Je m’appelle Choubaka et je vais avoir 12 ans le 25 mars. Je suis né d’un père Main coon et d’une mère qui l’était à moitié. De lui je n’ai aucun souvenir. En revanche, j’ai des images nettes de ma maman, une belle chatte noire répondant au nom de Chanel, et de mes trois frères et sœurs. J’étais le plus hirsute des quatre. Et le plus apprécié de la fratrie par les premiers humains qui se sont occupés de moi.

J’ai passé les deux premiers mois de mon existence dans un magnifique domaine, situé dans l’Oise. Il y avait une belle demeure, une dépendance où vivait la fille de la famille – et ma maîtresse -, un moulin, des chevaux et des chiens… Un jour, je devais avoir un mois et demi, on a reçu la visite de deux dames. L’une d’elles m’avait repéré sur Internet et voulait m’offrir à son amie pour son anniversaire. Celle-ci s’est du reste beaucoup intéressée à moi. Elle a même dit : « Nelson et moi, c’est pour la vie ». J’ai compris le sens de cette phrase peu de temps après. Car, quinze jours plus tard, j’ai fait un long voyage en voiture puis en métro pour me retrouver dans un appartement parisien, à Montmartre exactement. A ce moment-là, j’avais changé de nom. Je m’appelais Pépito. C’est même ce qui a été inscrit sur mon carnet de santé. Mais, ça n’avait pas l’air de satisfaire pleinement ma nouvelle maîtresse. Il a fallu que je pousse quelques cris dont j’ai le secret pour qu’elle ait une illumination : ce sera Choubaka. 

J’ai grandi. Ma robe noire est devenue vraiment belle. Au soleil, j’ai quelques reflets auburn. Et puis, selon ma maîtresse, j’ai de très beaux yeux verts. Elle me le dit souvent et j’ai fini par la croire.

J’ai passé plusieurs années dans cet appartement, doté d’un balcon. Un super poste d’observation. Je suis un peu commère sur les bords. Je me suis pas mal baladé de gouttière en gouttière. J’ai fait la connaissance de mon voisin, Grimoire, un super chat. J’en ai chassé d’autres, beaucoup moins sympathiques.

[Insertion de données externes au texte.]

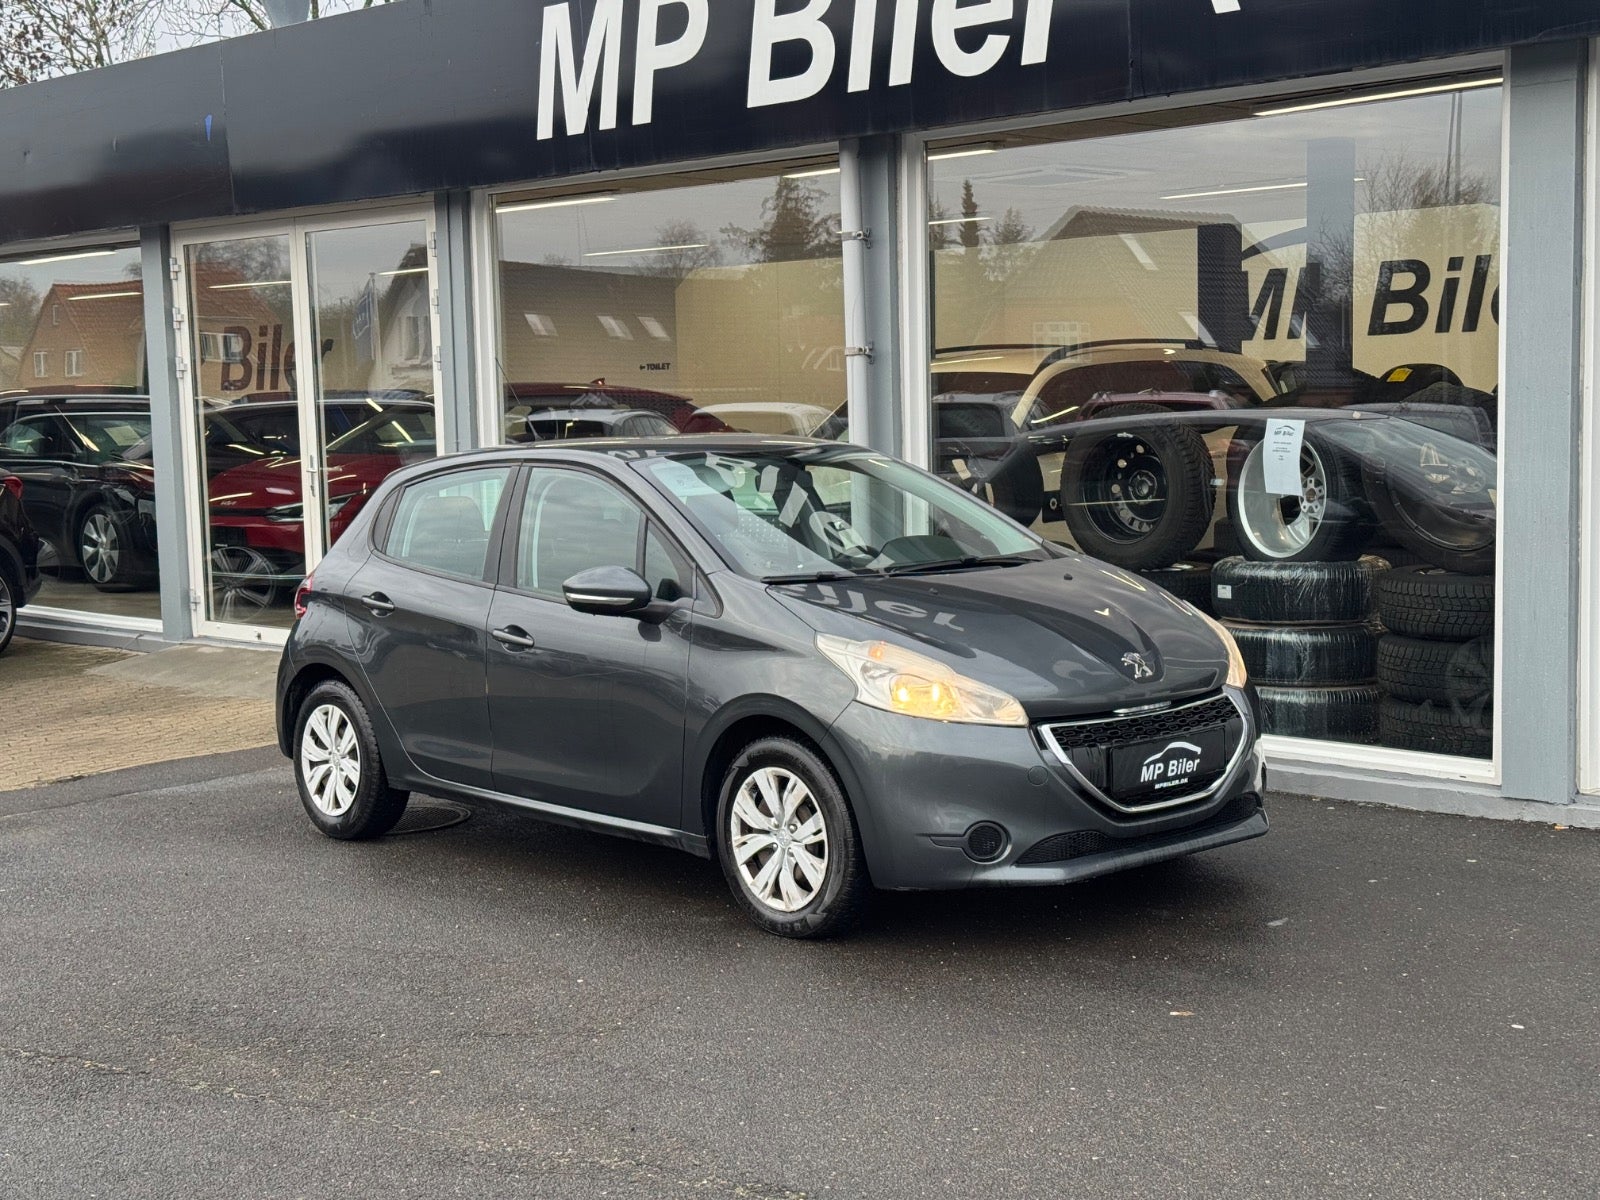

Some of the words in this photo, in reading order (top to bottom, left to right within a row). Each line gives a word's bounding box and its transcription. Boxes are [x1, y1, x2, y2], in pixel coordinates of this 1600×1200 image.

[537, 0, 708, 141] MP
[1368, 254, 1500, 337] Bil
[646, 362, 671, 370] TOILET
[1140, 762, 1164, 783] MP
[1167, 757, 1201, 777] Biler

De temps en temps, mon humaine m’emmenait chez ses parents quand elle partait en vacances. J’y ait fait la connaissance de Mishoug, un chat un peu caractériel, mais que j’ai su amadouer. Ce furent des années heureuses. Il faut dire que j’aime beaucoup ma maîtresse et qu’elle me le rend bien. 

Et puis, un jour, on m’a transporté dans une maison avec d’autres chats, plein d’humains et un jardin. Au début, je ne restais pas longtemps. Mais, il y a deux ans, c’est là qu’on a élu domicile. Au même moment, un gros chien a pris possession du rez-de-chaussée. Je ne le croise jamais, il me fait une peur bleue. Une nouvelle vie a commencé. J’aime bien parfois faire des bisous à Loola, Melba ou Oko. Mais parfois aussi, on s’embrouille. J’adore ma tranquillité et je suis plutôt un solitaire. Il parait que j’ai mon petit caractère. En tout cas, je suis le seul de ma communauté à avoir un double littéraire. Mon humaine écrit des livres et dans l’un d’eux, son héros a un chat, qui s’appelle Han Solo, et qui me ressemble comme deux gouttes d’eau. Cerise sur la croquette, je serai dessiné sur la couverture. J’ai hâte de voir ça. Le livre sort dans un an et j’espère que je serai toujours de ce monde. Dernièrement, j’ai eu un petit souci de santé. Un problème au dos qui m’a beaucoup handicapé. On m’a emmené voir le vétérinaire, qui a pris un air bizarre quand elle m’a vu. Ce qu’elle a dit à ce moment-là n’a pas du tout plu à ma maîtresse. J’ai cru entendre le mot « euthanasie ». À voir sa tête, toute pâle, j’ai été me planquer sous le bureau. 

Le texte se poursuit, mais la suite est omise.